[Stored items from a collection]

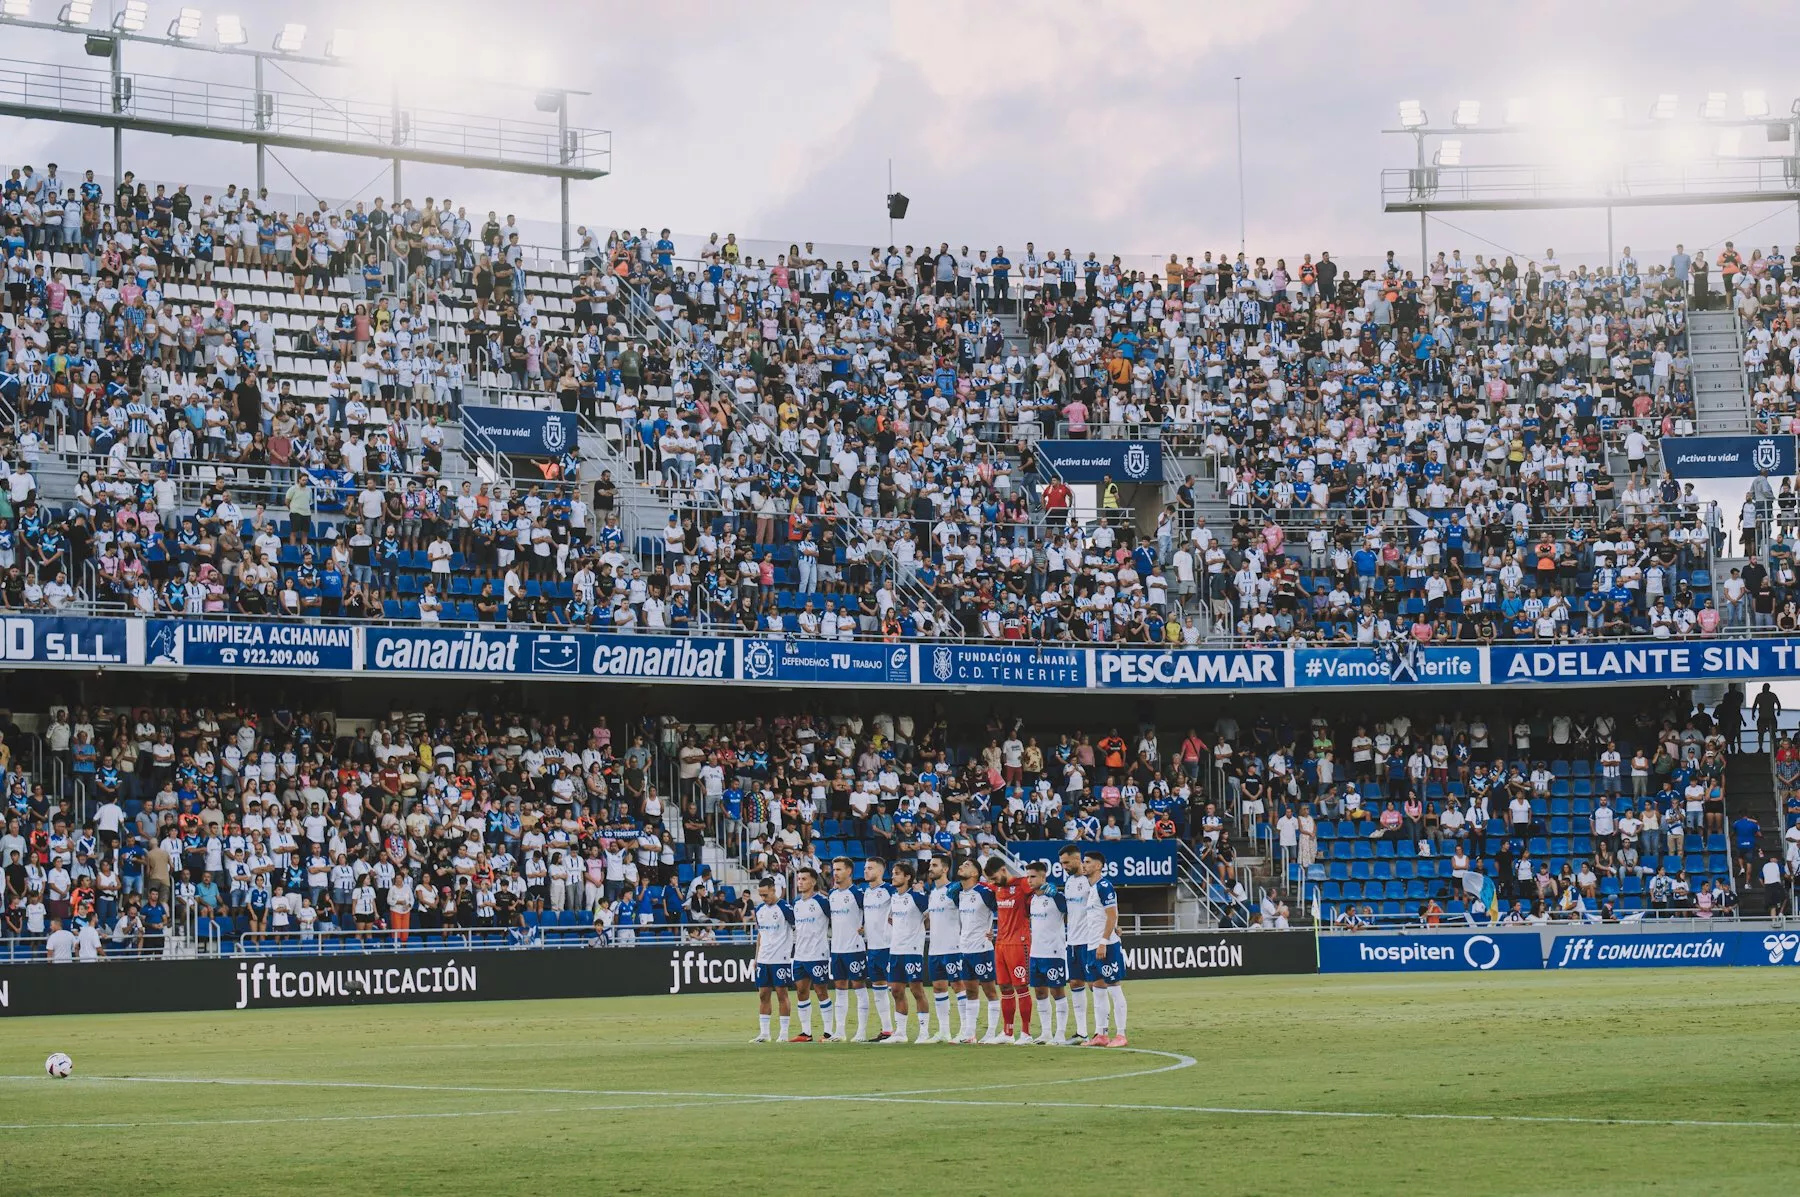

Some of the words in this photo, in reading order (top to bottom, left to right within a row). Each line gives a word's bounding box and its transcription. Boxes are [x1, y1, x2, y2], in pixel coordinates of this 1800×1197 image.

[503, 428, 511, 436] tu
[511, 428, 531, 437] vida!
[1091, 457, 1112, 466] vida!
[1677, 454, 1706, 464] ¡Activa
[1717, 453, 1739, 462] vida!
[0, 617, 34, 660] D
[45, 632, 121, 661] S.L.L.
[188, 624, 264, 645] LIMPIEZA
[268, 626, 350, 647] ACHAMAN
[242, 648, 319, 665] 922.209.006
[375, 632, 519, 671] canaribat
[592, 639, 726, 677] canaribat
[782, 656, 830, 668] DEFENDEMOS
[831, 653, 850, 670] TU
[852, 660, 882, 669] TRABAJO
[958, 651, 1021, 664] FUNDACIÓN
[1028, 654, 1078, 666] CANARIA
[1507, 649, 1690, 677] ADELANTE
[1702, 646, 1759, 671] SIN
[992, 666, 1078, 682] TENERIFE
[1101, 654, 1277, 683] PESCAMAR
[1123, 855, 1172, 876] Salud
[1359, 942, 1455, 965] hospiten
[1559, 938, 1594, 967] jft
[1597, 938, 1725, 960] COMUNICACIÓN

• _INSTRUCTIONS FOR THE TASK_
Print every entry above again without changing a word, and omit the pictures.

• _ANSWER FOR THE TASK_
Some of the words in this photo, in reading order (top to bottom, left to right within a row). Each line gives a word's bounding box and its transcription. Boxes are [x1, y1, x2, y2], in pixel coordinates of this 1800×1197 image.

[503, 428, 511, 436] tu
[511, 428, 531, 437] vida!
[1091, 457, 1112, 466] vida!
[1677, 454, 1706, 464] ¡Activa
[1717, 453, 1739, 462] vida!
[0, 617, 34, 660] D
[45, 632, 121, 661] S.L.L.
[188, 624, 264, 645] LIMPIEZA
[268, 626, 350, 647] ACHAMAN
[242, 648, 319, 665] 922.209.006
[375, 632, 519, 671] canaribat
[592, 639, 726, 677] canaribat
[782, 656, 830, 668] DEFENDEMOS
[831, 653, 850, 670] TU
[852, 660, 882, 669] TRABAJO
[958, 651, 1021, 664] FUNDACIÓN
[1028, 654, 1078, 666] CANARIA
[1507, 649, 1690, 677] ADELANTE
[1702, 646, 1759, 671] SIN
[992, 666, 1078, 682] TENERIFE
[1101, 654, 1277, 683] PESCAMAR
[1123, 855, 1172, 876] Salud
[1359, 942, 1455, 965] hospiten
[1559, 938, 1594, 967] jft
[1597, 938, 1725, 960] COMUNICACIÓN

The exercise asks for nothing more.